When a document is inserted or updated:

  1. The document is serialized to JSON and encoded as UTF-8 bytes.
  2. The bytes are stored in the block store via put(), which computes the SHA3-512 checksum.
  3. The docIndex is updated to map the document’s _id to the new block checksum.
  4. The docCache is updated with the new document state.
  5. The collection’s index state is persisted as a block, and the head registry is updated to point to this new index block.

The block ID calculation uses SHA3-512 (the same algorithm as BrightChain’s ChecksumService) implemented via @noble/hashes/sha3, avoiding a dependency on the global service provider:

function calculateBlockId(data: Buffer | Uint8Array): string {
    const bytes = data instanceof Buffer ? new Uint8Array(data) : data;
    const hash = sha3_512(bytes);
    return Buffer.from(hash).toString('hex');
}

C. Pool-Scoped Storage

BrightDB supports multi-tenant isolation through the PooledStoreAdapter, which wraps an IPooledBlockStore and fixes all operations to a specific pool ID:

class PooledStoreAdapter implements IBlockStore {
    constructor(
        private readonly inner: IPooledBlockStore,
        private readonly poolId: PoolId
    ) {}

    async has(key: Checksum | string): Promise<boolean> {
        return this.inner.hasInPool(this.poolId, key.toHex());
    }
    // ... all operations routed through pool-scoped methods
}

This adapter is transparent to the Collection class, which continues to call standard IBlockStore methods. Pool routing, CBL whitening, and cross-pool operations are handled entirely at the adapter level. The BrightDb constructor automatically wraps the store when a poolId is provided in the options.


IV. Query Engine

A. Filter Matching

BrightDB implements a comprehensive MongoDB-compatible filter engine supporting:

Comparison Operators: $eq, $ne, $gt, $gte, $lt, $lte
Set Operators: $in, $nin
Pattern Matching: $regex (RegExp or string)
Existence: $exists
Logical Operators: $and, $or, $not, $nor
Array Operators: $elemMatch, $size, $all
Type Checking: $type

The matchesFilter function recursively evaluates filter predicates against documents. Nested field access is supported via dot notation through the getNestedValue utility, which traverses object hierarchies and handles array elements.

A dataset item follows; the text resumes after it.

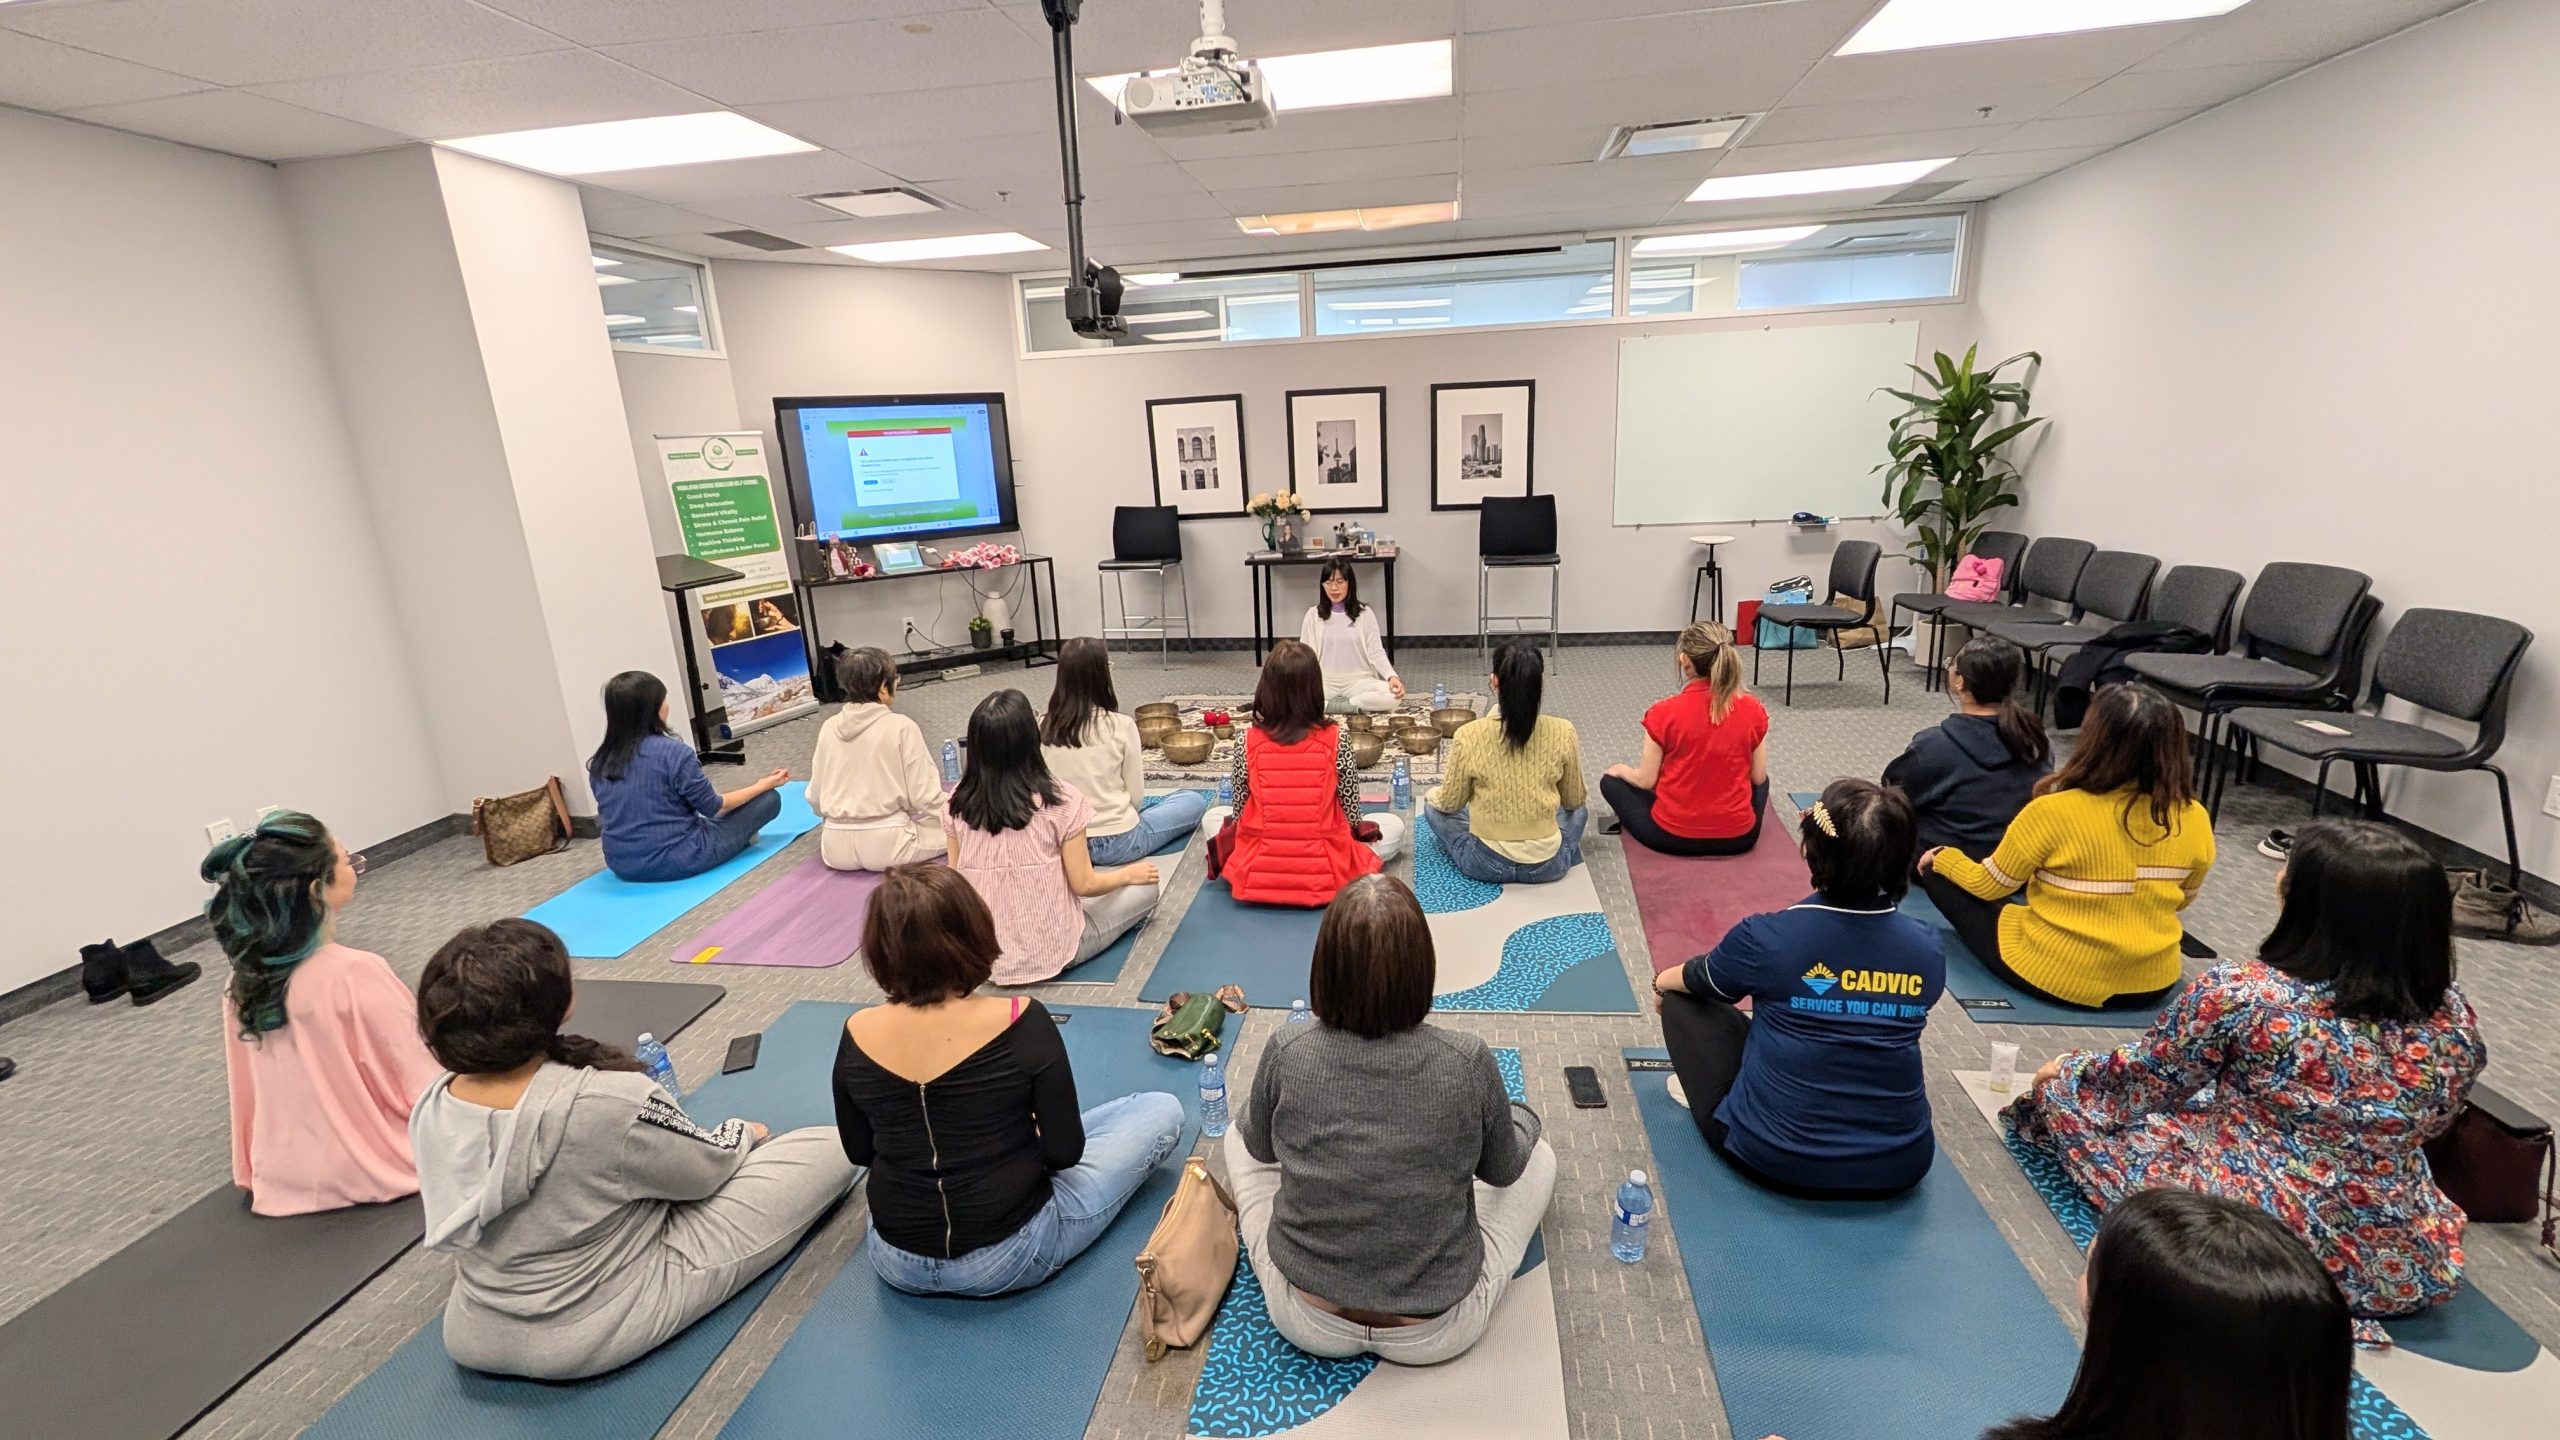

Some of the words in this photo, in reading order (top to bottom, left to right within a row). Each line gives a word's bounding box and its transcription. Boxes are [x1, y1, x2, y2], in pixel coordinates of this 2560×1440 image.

Logical operators are evaluated with short-circuit semantics: $and returns false on the first non-matching predicate, and $or returns true on the first match.

B. Projection and Sorting

Projections use inclusion/exclusion semantics consistent with MongoDB: fields marked with 1 are included, fields marked with 0 are excluded, and the _id field is included by default unless explicitly excluded.

Multi-field sorting is implemented by the sortDocuments function, which applies sort specifications in order of precedence. The compareValues function handles type-heterogeneous comparisons following MongoDB’s type comparison order.

BrightDB supports basic text search through configurable text index fields. The tokenize function splits text into lowercase tokens, and matchesTextSearch checks whether any configured text field contains all search tokens. While this implementation does not include stemming or language-specific analysis, it provides functional text search for common use cases.


V. Indexing

A. Index Architecture

The IndexManager class maintains a collection of CollectionIndex instances, each representing a single-field, compound, or unique index. Indexes are stored as in-memory B-tree-like structures that map indexed field values to sets of document IDs.

Index types include:

  • Single-field indexes: Map a single field value to document IDs.
  • Compound indexes: Map concatenated field values to document IDs, supporting prefix queries.
  • Unique indexes: Enforce uniqueness constraints, throwing DuplicateKeyError on violation.
  • Sparse indexes: Exclude documents where the indexed field is missing.
  • TTL indexes: Automatically expire documents after a configurable number of seconds, implemented via periodic timers.
  • Text indexes: Map tokenized text content to document IDs with configurable field weights.

B. Index Persistence

Index metadata is serialized and stored as blocks in the block store. On collection initialization, indexes are rebuilt from stored metadata blocks. The head registry tracks the latest index block for each collection, enabling recovery after process restarts.

C. Query Optimization

When a query filter matches an indexed field, the IndexManager performs an index lookup to retrieve candidate document IDs, avoiding a full collection scan. For compound indexes, prefix matching is used: a query on fields {a, b} can use a compound index on {a, b, c} but not one on {b, c}.


VI. Transaction Engine

A. Optimistic Concurrency Model

BrightDB implements ACID-like transactions using optimistic concurrency control. The DbSession class manages transaction state:

interface ClientSession {
    readonly id: string;
    readonly inTransaction: boolean;
    startTransaction(): void;
    commitTransaction(): Promise<void>;
    abortTransaction(): Promise<void>;
    endSession(): void;
}

B. Journal-Based Writes

During a transaction, all write operations (inserts, updates, deletes) are buffered in a journal (JournalOp[]) rather than applied immediately to the collection. Each journal entry records the operation type, collection name, document ID, and the before/after document states.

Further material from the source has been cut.